Practitioners, however, in these professions have, upon many occasions, brought to light facts of importance in the animal oeconomy, which could only be discovered while the human body was labouring under disease; and those have been distinguished with a place in the Philosophical Transactions.

As every change the blood undergoes must appear an object of importance to those who study the oeconomy of animals, I am induced to believe the present observations on the change produced on it by being mixed with the urine, will not be considered as wholly undeserving of notice.

I was led to pay attention to this subject from considering the following case, which came under my care.

A gentleman, seventy-one years of age, in the spring 1795, found that in making water, the urine had the appearance of [2]blood, and congealed into a solid mass as soon as received into the vessel. This complaint appeared to have arisen from the rupture of a vessel in one of the kidneys, for he had a pain in his loins, but none in the region of the bladder. He seemed to void no water, for the whole quantity which was expelled at any one time, amounting to about 4 ounces, formed itself into a coagulum; next day he voided bloody water, which did not coagulate. This continued for three or four days, and then went entirely off.

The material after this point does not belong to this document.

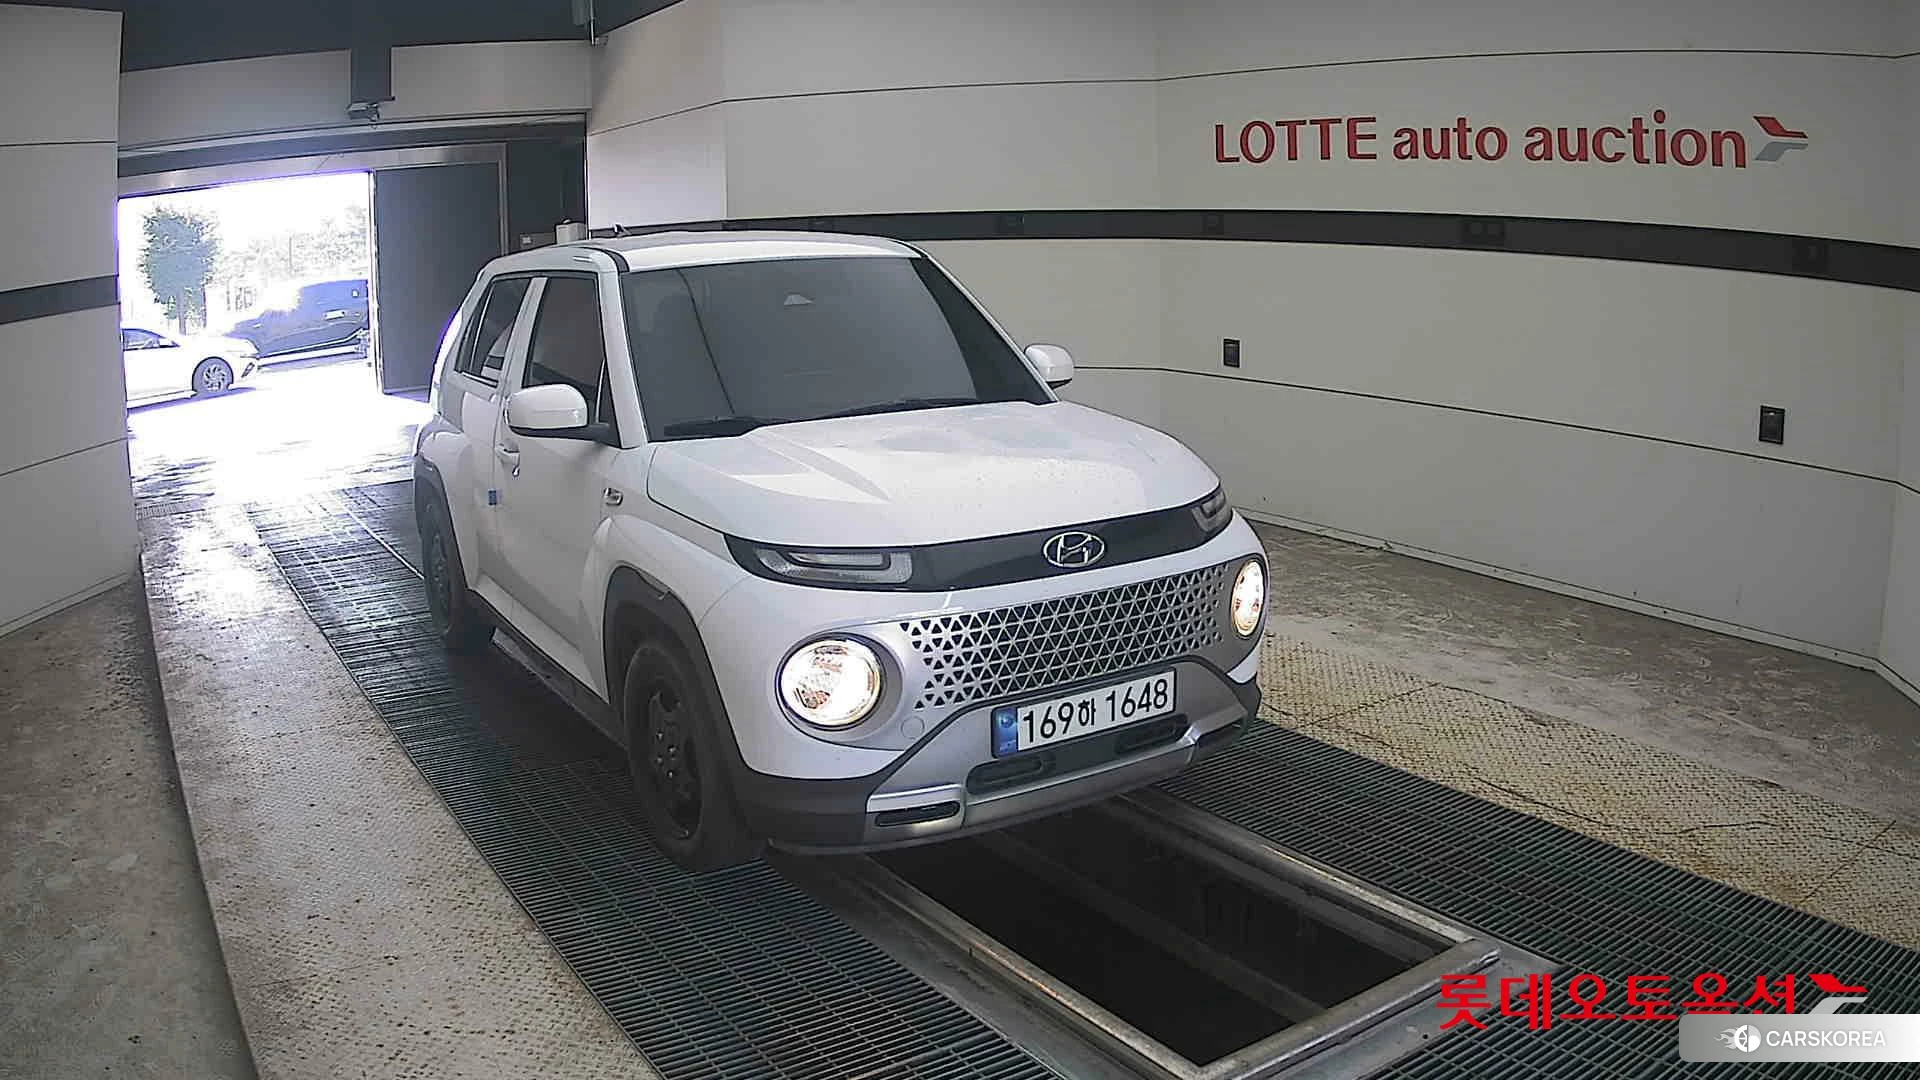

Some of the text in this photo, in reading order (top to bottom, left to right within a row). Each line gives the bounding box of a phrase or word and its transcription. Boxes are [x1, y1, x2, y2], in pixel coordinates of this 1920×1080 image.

In the spring, 1796, he had a return of the same complaint. It came on in the evening of the 3d of April; on the 4th it was very violent; and in the afternoon there was a total suppression. A catheter was passed six or seven times; but the oval holes near the end of the instrument were always filled with coagulated blood, and no urine could be drawn off. On the 5th, a larger catheter was passed, with small round holes, less likely to have the coagulum entangled in them, but no urine came away. In the evening it was introduced again, having its cavity completely lined with a flexible gum catheter, which was withdrawn as soon as the instrument was carried to the fundus of the bladder; and in this way 4 ounces of a bloody fluid were drawn off, which on exposure coagulated.

On the morning of the 6th, a pint of bloody urine was drawn off; this operation was repeated three times in the twenty-four hours, and the same quantity was brought away each time.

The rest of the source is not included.